Required work
Please transcribe the data exactly as shown, skipping the images.

Input data
<<<<

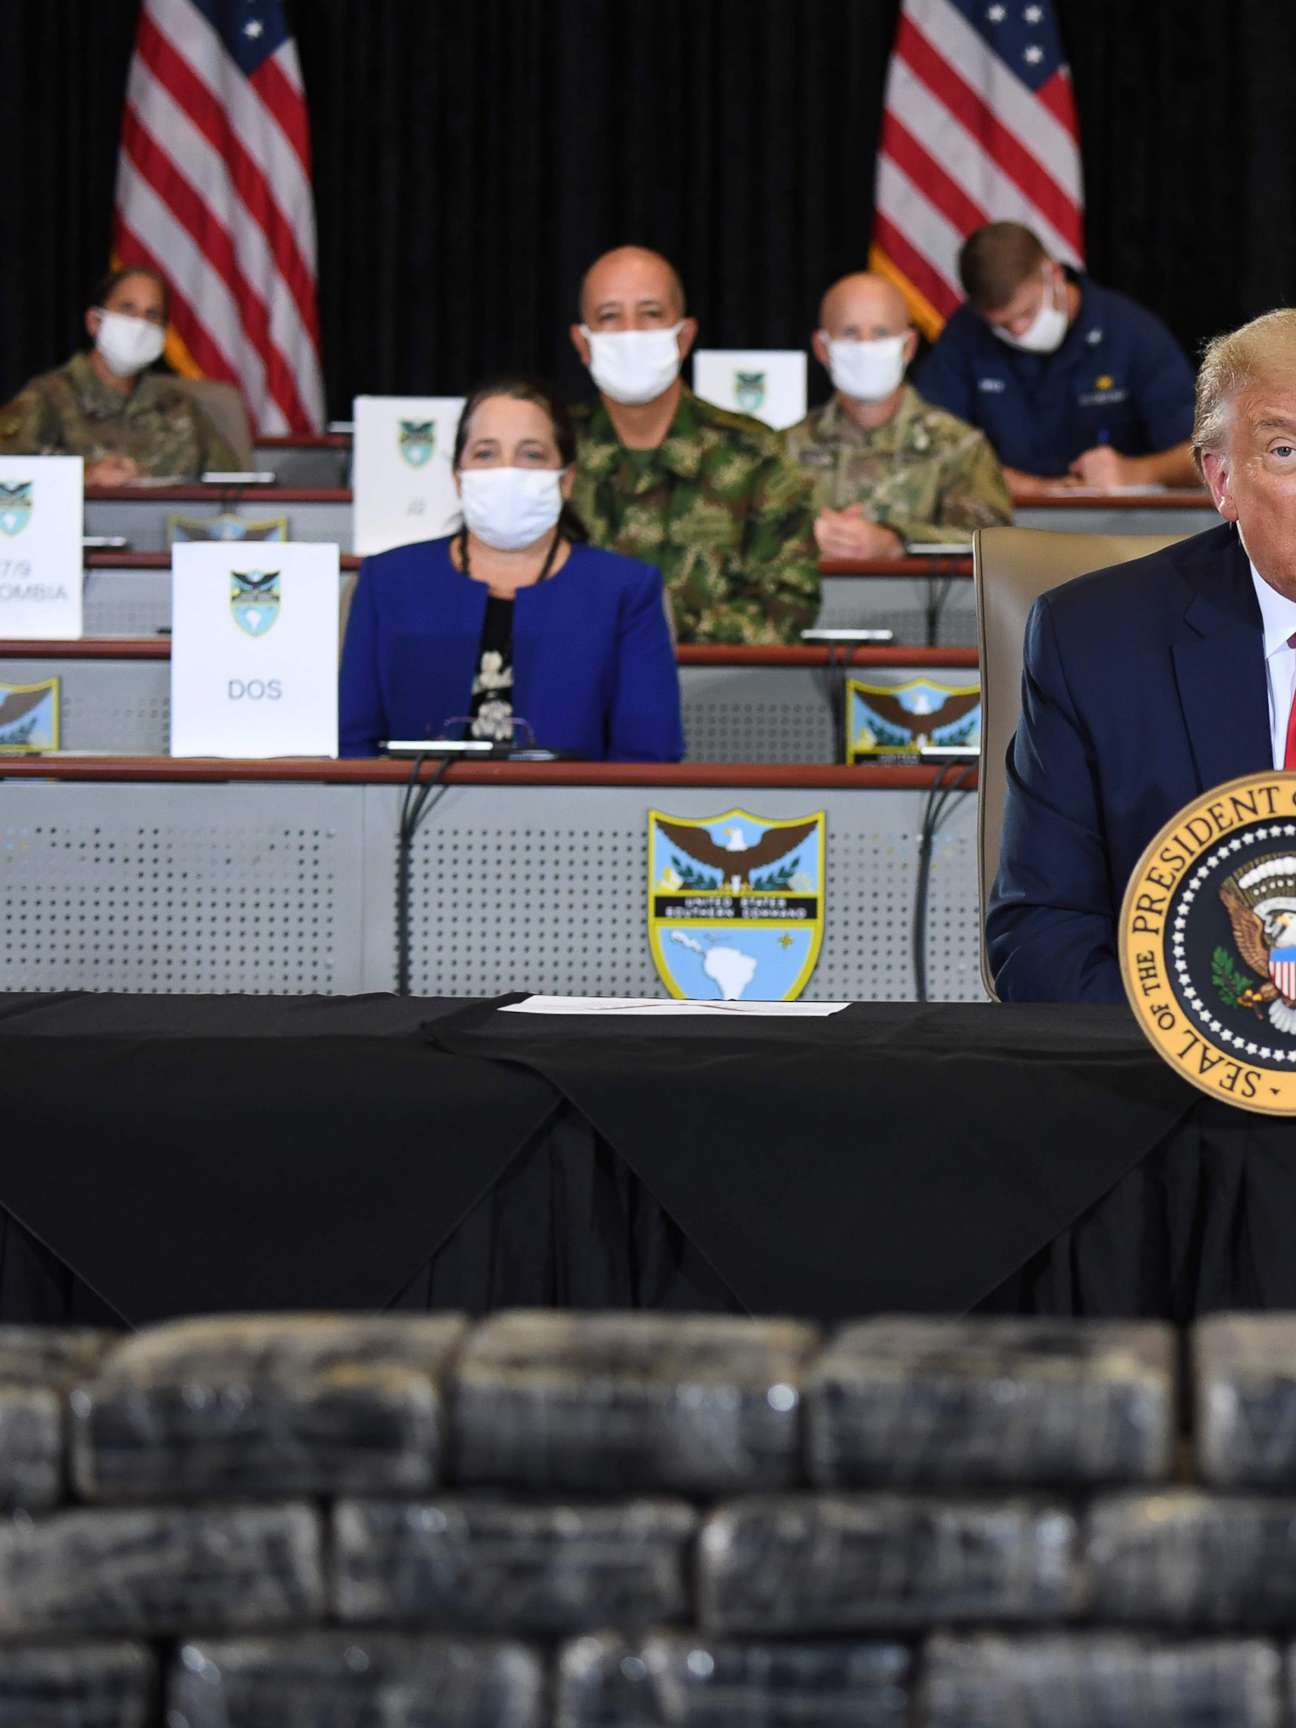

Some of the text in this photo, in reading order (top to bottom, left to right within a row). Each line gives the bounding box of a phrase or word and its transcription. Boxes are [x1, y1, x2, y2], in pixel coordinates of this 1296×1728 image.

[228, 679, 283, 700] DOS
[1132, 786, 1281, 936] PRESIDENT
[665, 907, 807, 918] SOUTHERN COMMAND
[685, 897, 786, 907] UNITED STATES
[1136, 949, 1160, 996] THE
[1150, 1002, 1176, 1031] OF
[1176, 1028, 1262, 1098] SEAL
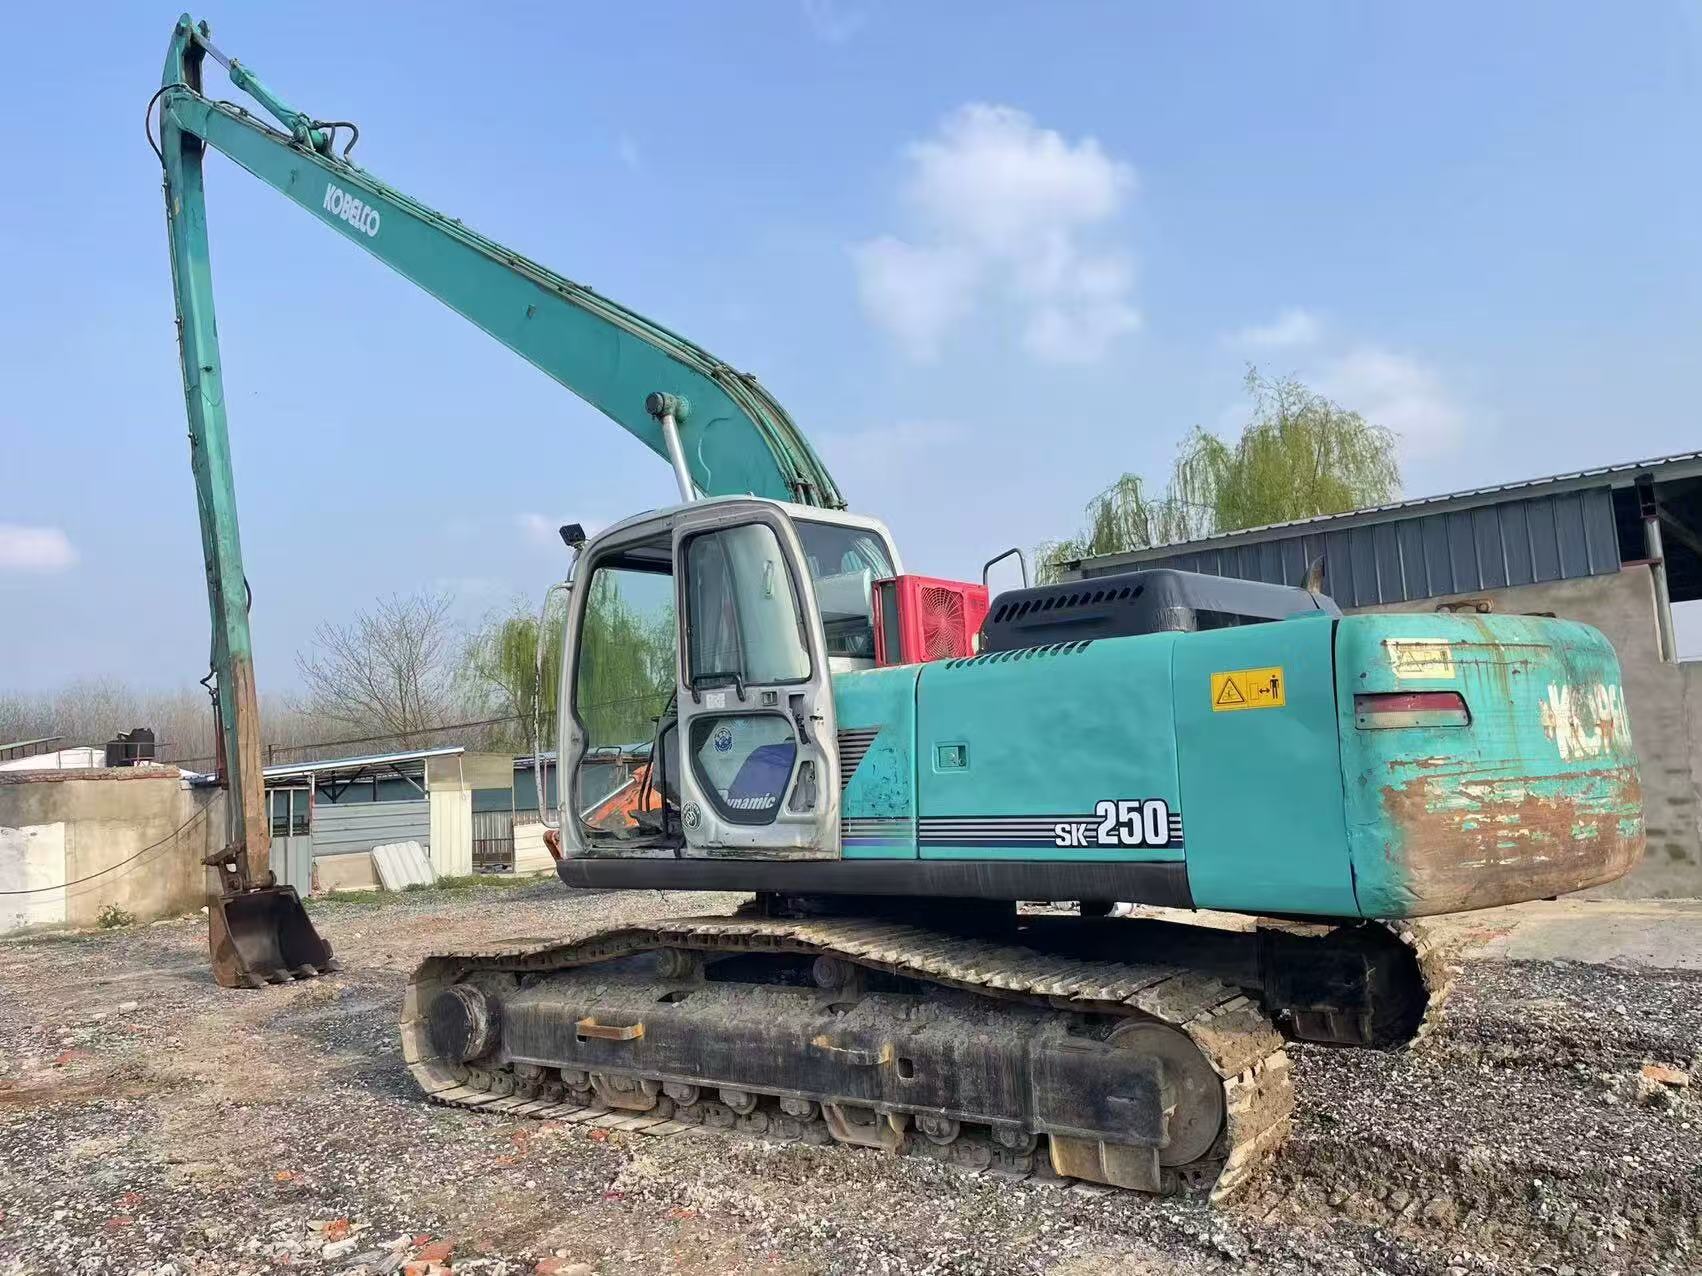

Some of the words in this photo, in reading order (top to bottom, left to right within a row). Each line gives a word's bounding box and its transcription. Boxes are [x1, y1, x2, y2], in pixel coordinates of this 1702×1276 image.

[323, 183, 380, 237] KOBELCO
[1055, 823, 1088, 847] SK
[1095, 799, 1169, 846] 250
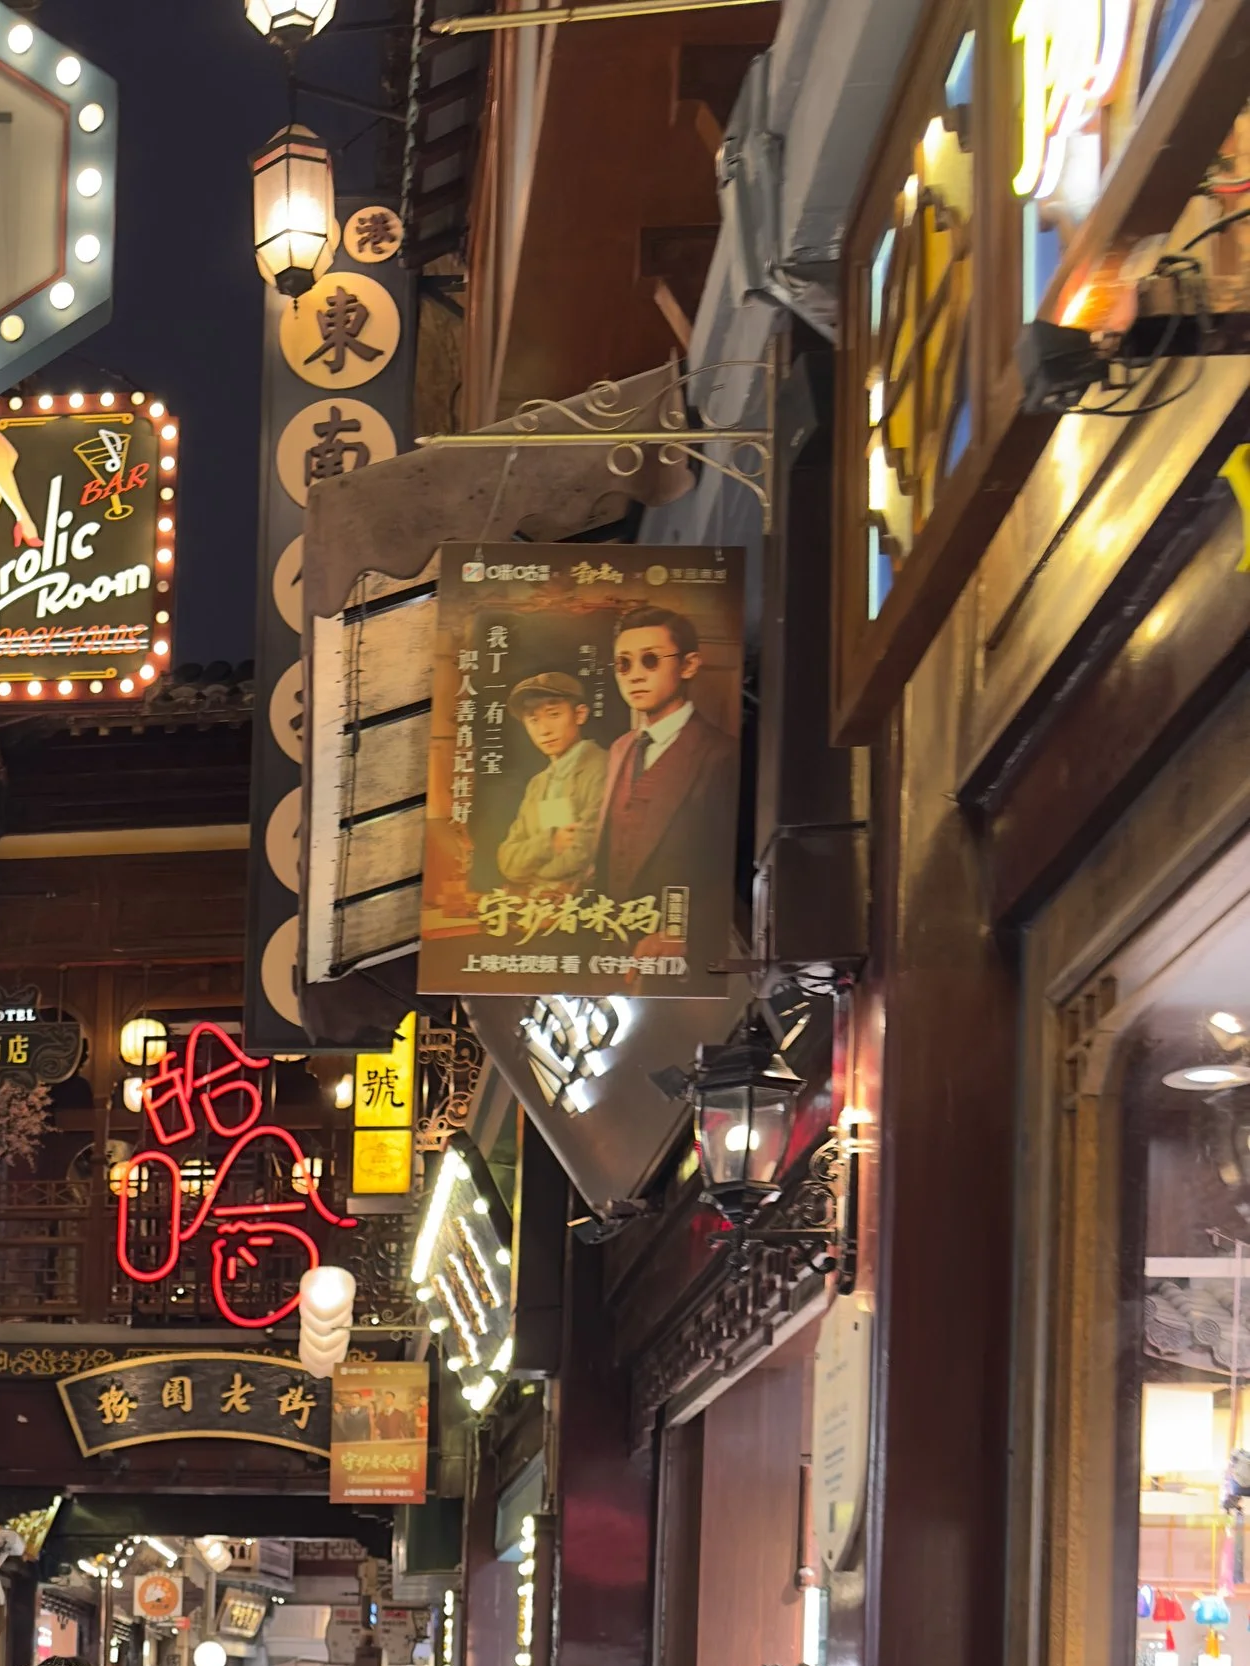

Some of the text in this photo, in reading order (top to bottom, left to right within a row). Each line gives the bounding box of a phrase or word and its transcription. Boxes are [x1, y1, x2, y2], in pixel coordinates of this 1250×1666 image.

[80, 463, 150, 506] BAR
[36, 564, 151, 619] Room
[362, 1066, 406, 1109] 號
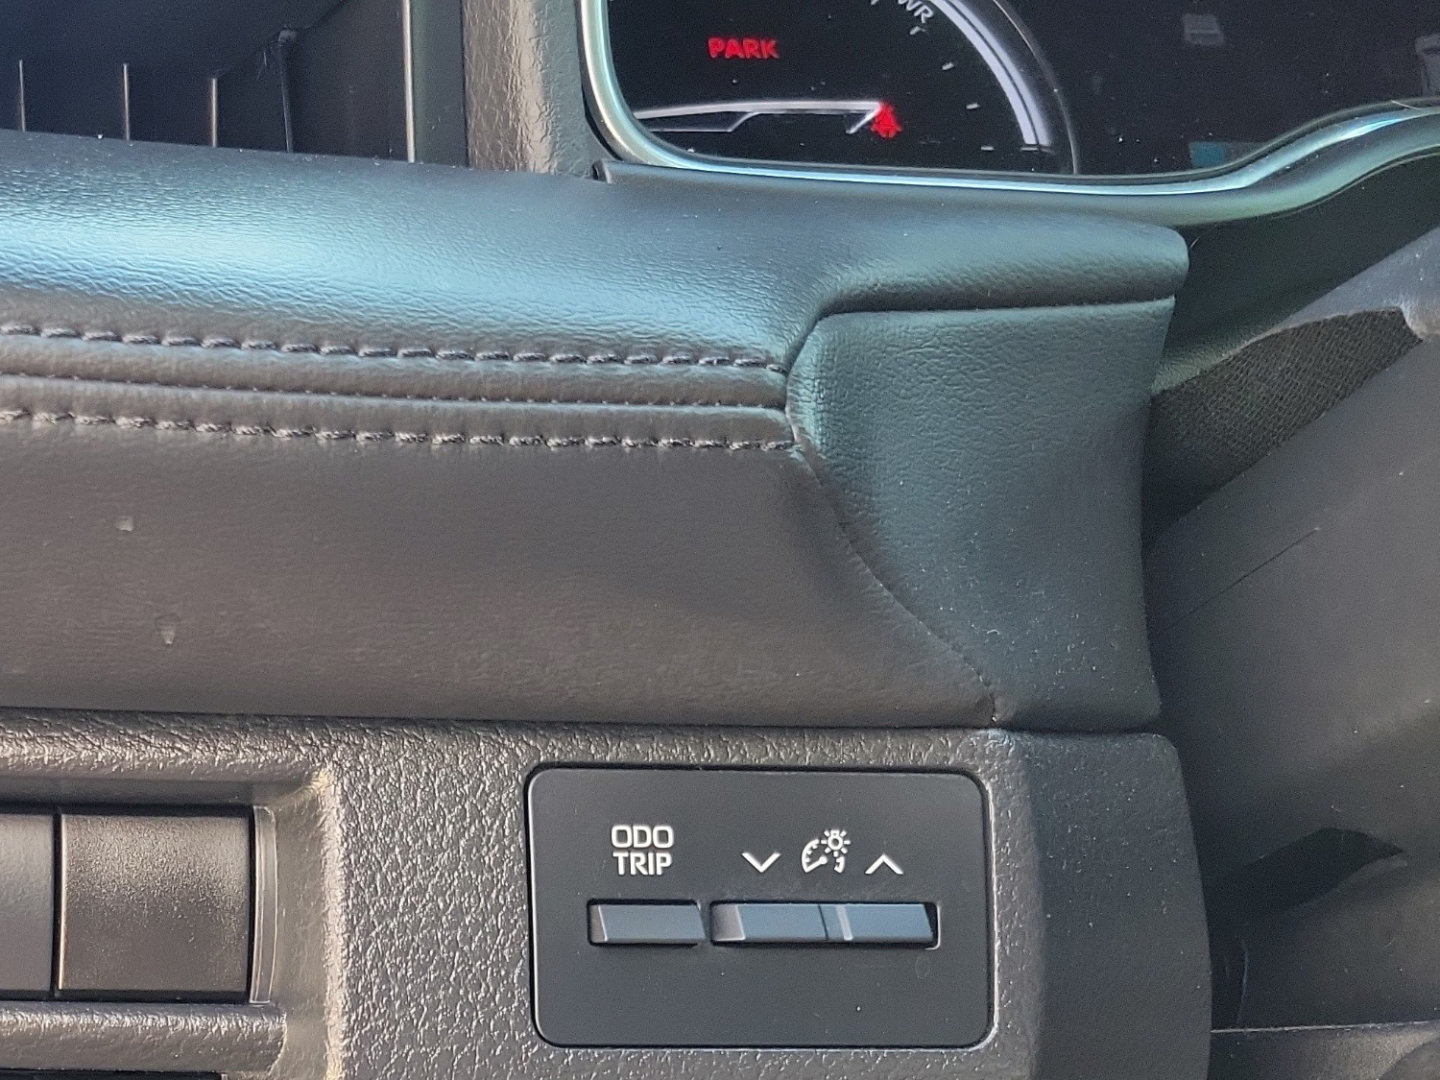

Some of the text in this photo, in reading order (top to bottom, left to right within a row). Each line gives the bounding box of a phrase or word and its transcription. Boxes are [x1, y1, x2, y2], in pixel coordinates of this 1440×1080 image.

>>>>

Answer to this task
Some of the text in this photo, in reading order (top to bottom, left to right within a row). Each line gives the bounding box of a phrase or word and its transcription. Boxes are [x1, y1, x2, y2], in pixel coordinates of this 1296×1728 image.

[228, 679, 283, 700] DOS
[1132, 786, 1281, 936] PRESIDENT
[665, 907, 807, 918] SOUTHERN COMMAND
[685, 897, 786, 907] UNITED STATES
[1136, 949, 1160, 996] THE
[1150, 1002, 1176, 1031] OF
[1176, 1028, 1262, 1098] SEAL

Some of the words in this photo, in reading order (top to bottom, left to right within a row). Each line gives a word's bounding box and its transcription. Boxes are [x1, y1, x2, y2], in pixel coordinates of this 1702×1276 image.

[323, 183, 380, 237] KOBELCO
[1055, 823, 1088, 847] SK
[1095, 799, 1169, 846] 250

Some of the text in this photo, in reading order (top to bottom, left to right within a row). Each line gives the bounding box of a phrase or word and its transcription. Boxes are [x1, y1, x2, y2], in pixel coordinates of this 1250×1666 image.

[80, 463, 150, 506] BAR
[36, 564, 151, 619] Room
[362, 1066, 406, 1109] 號

Some of the text in this photo, in reading order (top to bottom, left to right within a row). Each line gives the bounding box of a phrase or word and its transcription. Boxes are [x1, y1, x2, y2], in pixel coordinates of this 1440×1080 image.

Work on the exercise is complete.